CONNEXION
RECHERCHE
Questions d’archéométrie : l’analyse de l’ADN ancien en archéologie
par Diane Martin-Moya. Doctorante en bioarchéologie à l’Université de Montréal et l’Université du Québec à Trois-Rivières
À quoi sert l’ADN ancien en archéologie et que peut-on en apprendre ?
Le développement des analyses d’ADN ancien constitue une véritable révolution en bioarchéologie. Cette nouvelle discipline intégrant un nouveau jeu de données biologiques inédites a contribué à l’avancement des connaissances sur un large spectre de sujets, dont voici quelques exemples majeurs.
Identifier des membres de la lignée humaine comme Denisova simplement à partir d’une molaire et d’une phalange découverte dans une grotte de l’Altaï en Sibérie datée de plus de 41 000 ans. Les Denisoviens sont les premiers à avoir été identifiés grâce à l’ADN ancien. Comme les hommes de Néandertal, les Denisoviens ont contribué au patrimoine génétique des hommes anatomiquement modernes et surtout ceux issus de l’Asie du Sud-Est.
Reconstruire à l’échelle biologique l’histoire des populations en suivant les migrations et dispersions des espèces tout autour du globe. L’ADN ancien a permis d’identifier plusieurs épisodes d’échanges en Europe avec des populations en provenance du Proche et Moyen-Orient il y a plus de 8 000 ans. Cet apport n’était cependant pas homogène et plusieurs groupes de chasseurs-cueilleurs en Scandinavie en sont restés isolés. La majorité du patrimoine génétique européen moderne est issue de cinq zones d’influence à l’Âge du Bronze.
Reconstruire les processus de domestication. Le Néolithique connaît les premières formes de spéciation de certaines espèces animales et végétales et des changements dans les pratiques alimentaires, dont la consommation du lait. L’ADN ancien démontre que la digestion du lait est l’adaptation la plus massivement sélectionnée dans l’histoire de l’évolution chez les populations eurasiennes. Les populations ne consommant pas ou peu de lait de vache après l’âge du sevrage ne produisent plus la molécule permettant sa digestion. C’est ce qui explique la persistance chez certaines populations de l’intolérance au lactose.
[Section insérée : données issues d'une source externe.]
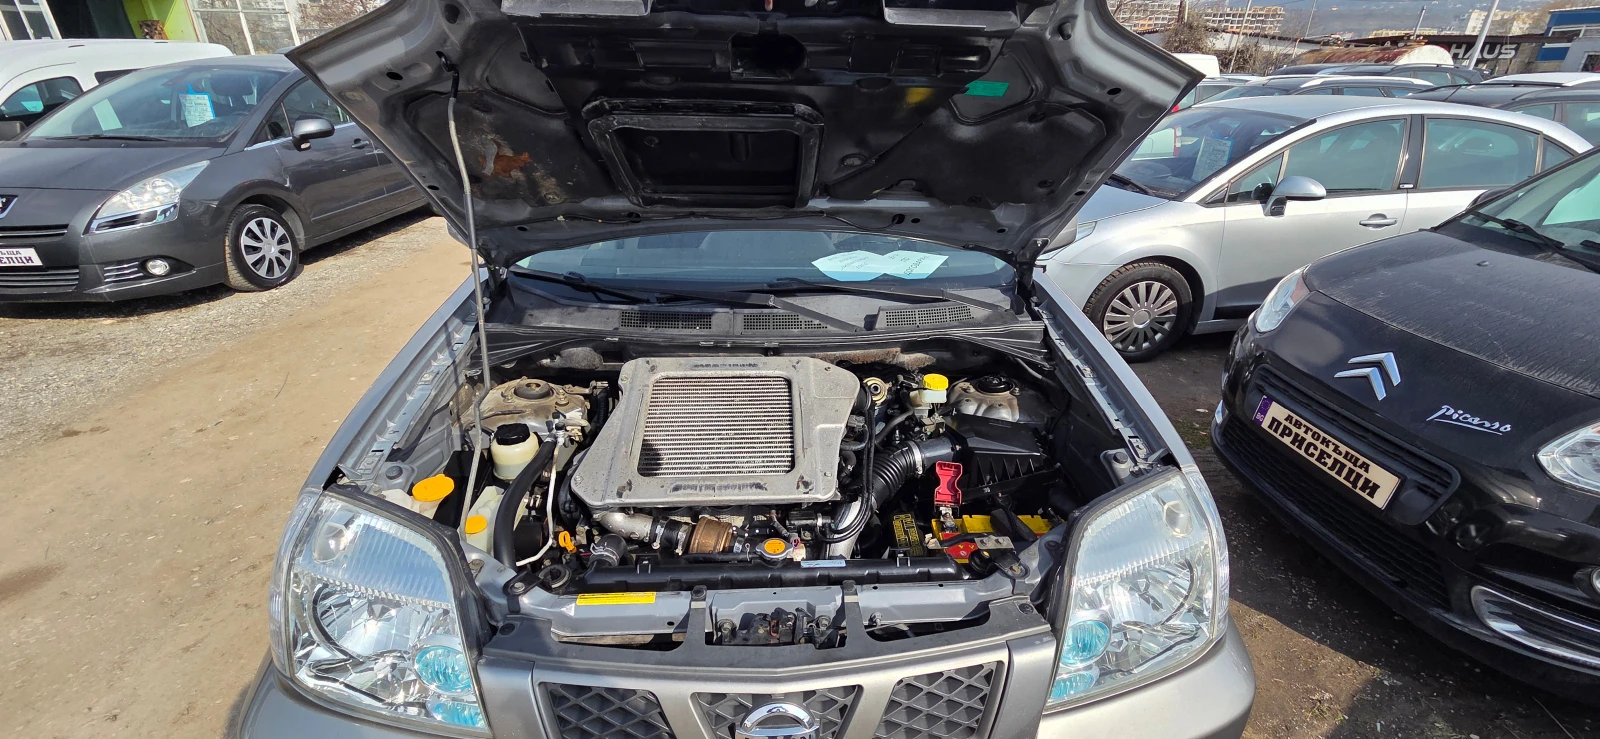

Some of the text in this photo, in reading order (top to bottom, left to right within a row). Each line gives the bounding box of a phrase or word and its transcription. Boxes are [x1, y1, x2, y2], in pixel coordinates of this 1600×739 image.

[1255, 413, 1264, 422] BG
[1284, 414, 1371, 474] АВТОКЪЩА
[1267, 416, 1381, 499] ПРИСЕЛЦИ
Identifier des espèces éteintes. En 2021, le plus vieil ADN fossile jamais séquencé vieux de 1,2 million d’années a permis de mieux comprendre l’histoire d’une espèce éteinte, les mammouths. Trois espèces différentes ont existé au cours du Pléistocène, dont une espèce ancestrale qui a traversé l’Eurasie pour atteindre l’Amérique du Nord. Grâce à l’ADN ancien, nous savons que son descendant, le mammouth laineux, disparu il y a environ 4 000 ans, démontrait une meilleure adaptation aux températures froides.
Explorer le développement et laproliférationde virus ou l’hygiène et la santé des populations passées. L’introduction d’agents pathogènes (variole, typhus, grippe, et autres) en Amérique durant la colonisation a eu pour conséquence de décimer plus de 90 % des populations autochtones. L’ADN ancien a permis d’évaluer l’impact de ce goulot d’étranglement dévastateur sur la diversité du patrimoine génétique des Premières Nations il y a 500 ans.
Respecter le souhait des populations descendantes en n’altérant pas les corps des défunts tout en permettant d’en connaître plus sur leurs ancêtres. Afin de limiter l’altération et la manipulation des restes humains, des archéogénéticiens ont contribué à développer des méthodes d’échantillonnage alternatives en récupérant le tartre dentaire. Le tartre constitue une ressource importante d’informations permettant de renseigner sur l’hygiène, l’alimentation, les pathologies et même les mouvements de populations.
Depuis les années 2000, les archéogénéticiens ont généré des millions de séquences d’ADN permettant depuis ces dernières années de passer de l’analyse d’un génome isolé à celui de génomes à l’échelle d’une population, et ce, même pour les populations éteintes il y a des milliers d’années.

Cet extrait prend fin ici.